** MATERIAL TO PROCESS follows **

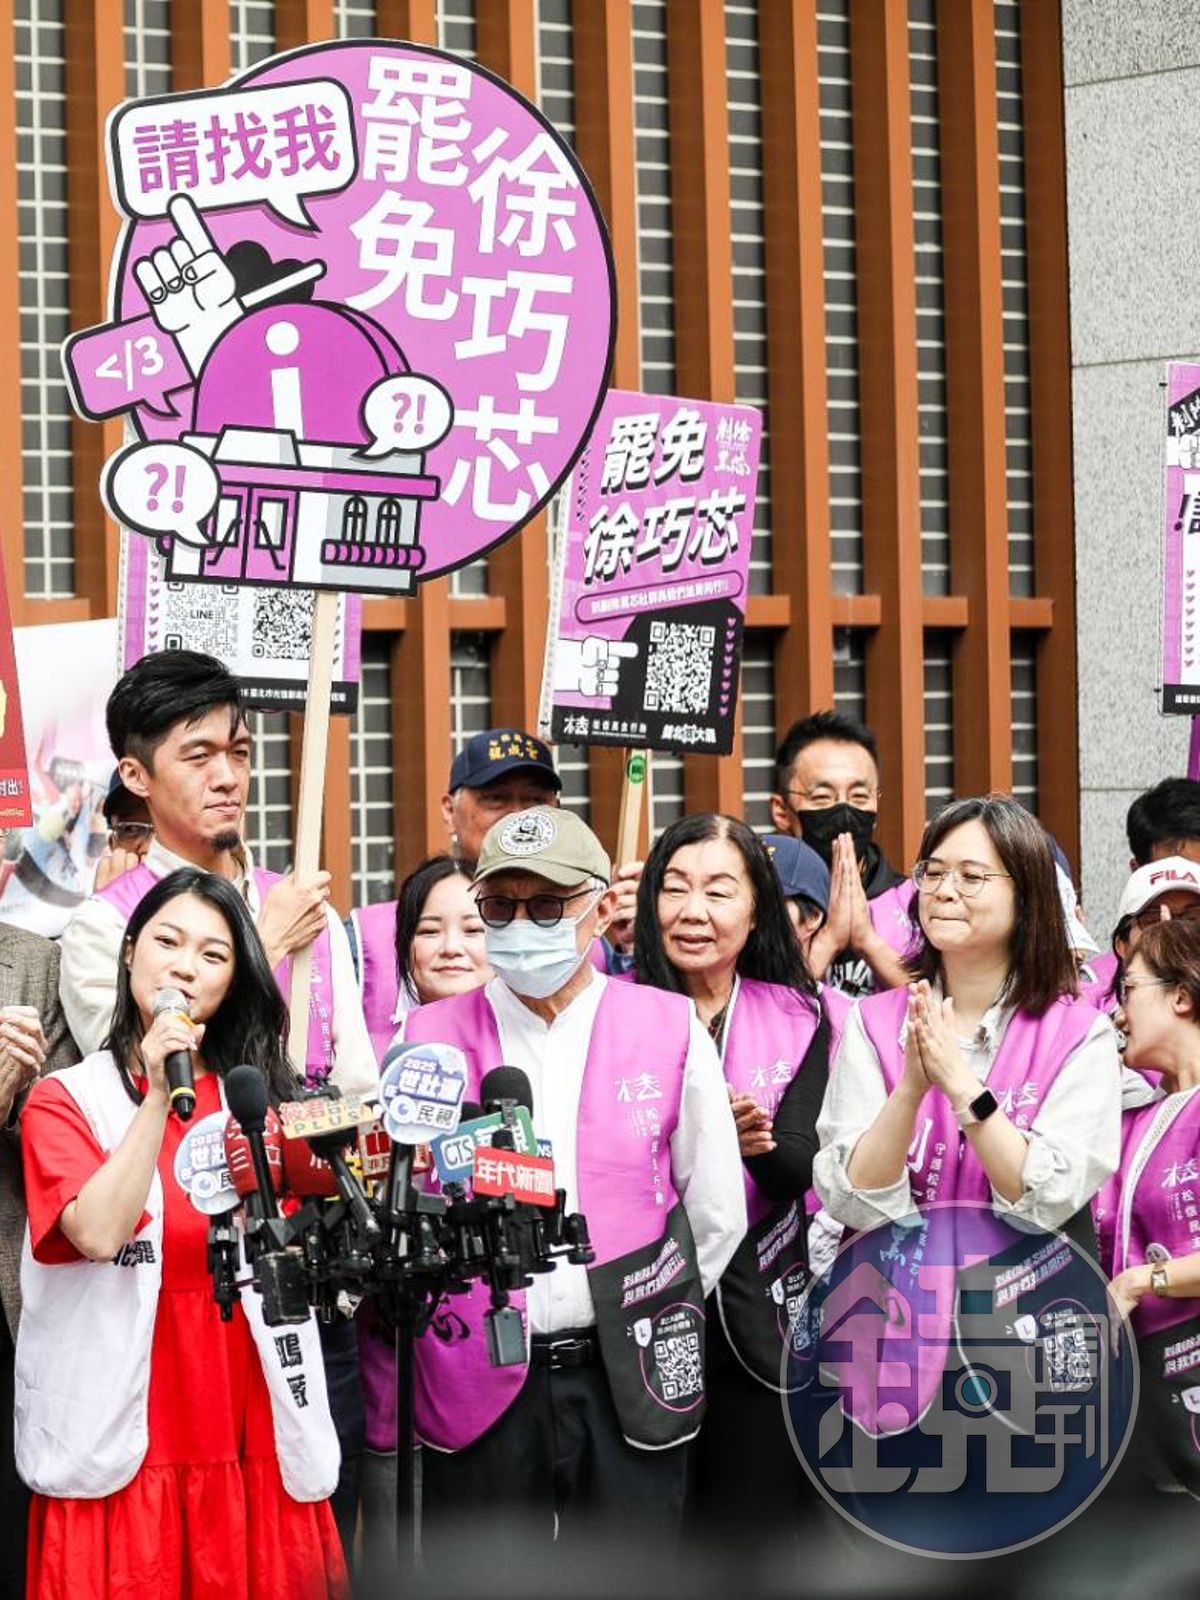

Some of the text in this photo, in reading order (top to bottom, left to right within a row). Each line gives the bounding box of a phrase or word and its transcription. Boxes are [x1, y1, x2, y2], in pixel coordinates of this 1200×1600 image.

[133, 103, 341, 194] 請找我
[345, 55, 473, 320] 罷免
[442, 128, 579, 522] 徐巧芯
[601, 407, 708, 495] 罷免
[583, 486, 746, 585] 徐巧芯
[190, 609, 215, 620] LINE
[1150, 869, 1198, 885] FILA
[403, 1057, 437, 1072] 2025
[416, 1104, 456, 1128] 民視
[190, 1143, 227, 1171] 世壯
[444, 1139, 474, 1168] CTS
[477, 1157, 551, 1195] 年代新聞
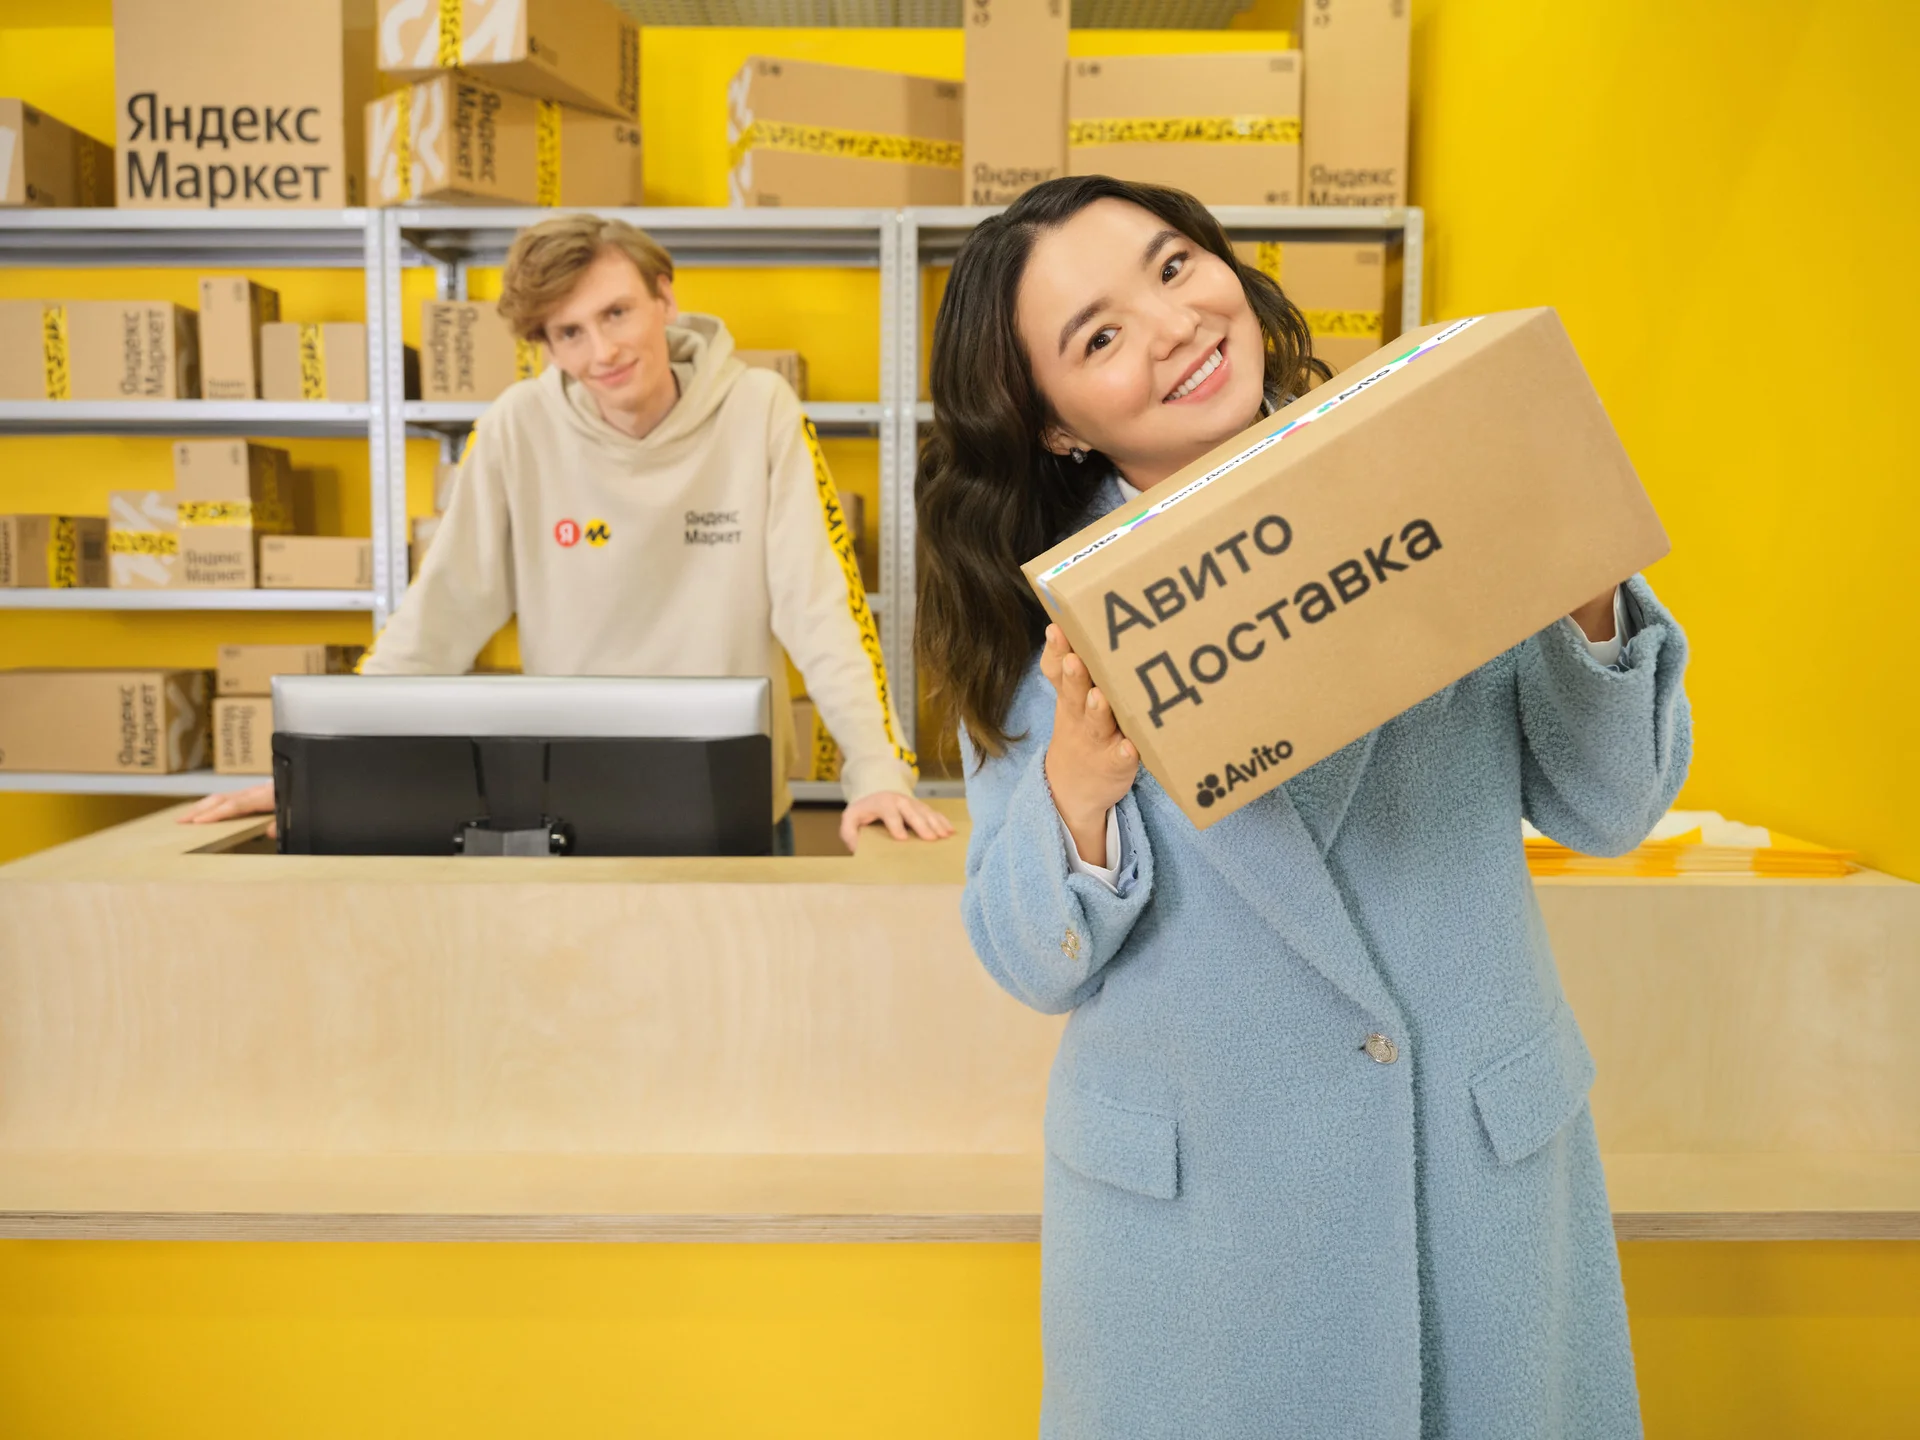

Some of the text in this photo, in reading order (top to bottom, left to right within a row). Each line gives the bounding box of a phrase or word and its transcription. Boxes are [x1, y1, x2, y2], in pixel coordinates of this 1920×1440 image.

** End of MATERIAL TO PROCESS **

TASK ITEM:
The data above must be written out again word for word, without its pictures.

SOLUTION FOR THIS PROBLEM:
Some of the text in this photo, in reading order (top to bottom, left to right within a row). Each line gives the bounding box of a phrase or word and its transcription. Boxes are [x1, y1, x2, y2], in pixel coordinates of this 1200×1600 image.

[133, 103, 341, 194] 請找我
[345, 55, 473, 320] 罷免
[442, 128, 579, 522] 徐巧芯
[601, 407, 708, 495] 罷免
[583, 486, 746, 585] 徐巧芯
[190, 609, 215, 620] LINE
[1150, 869, 1198, 885] FILA
[403, 1057, 437, 1072] 2025
[416, 1104, 456, 1128] 民視
[190, 1143, 227, 1171] 世壯
[444, 1139, 474, 1168] CTS
[477, 1157, 551, 1195] 年代新聞

Some of the text in this photo, in reading order (top to bottom, left to right within a row). Each line gives the bounding box of a phrase or word and its transcription. Boxes are [x1, y1, x2, y2], in pixel coordinates of this 1920×1440 image.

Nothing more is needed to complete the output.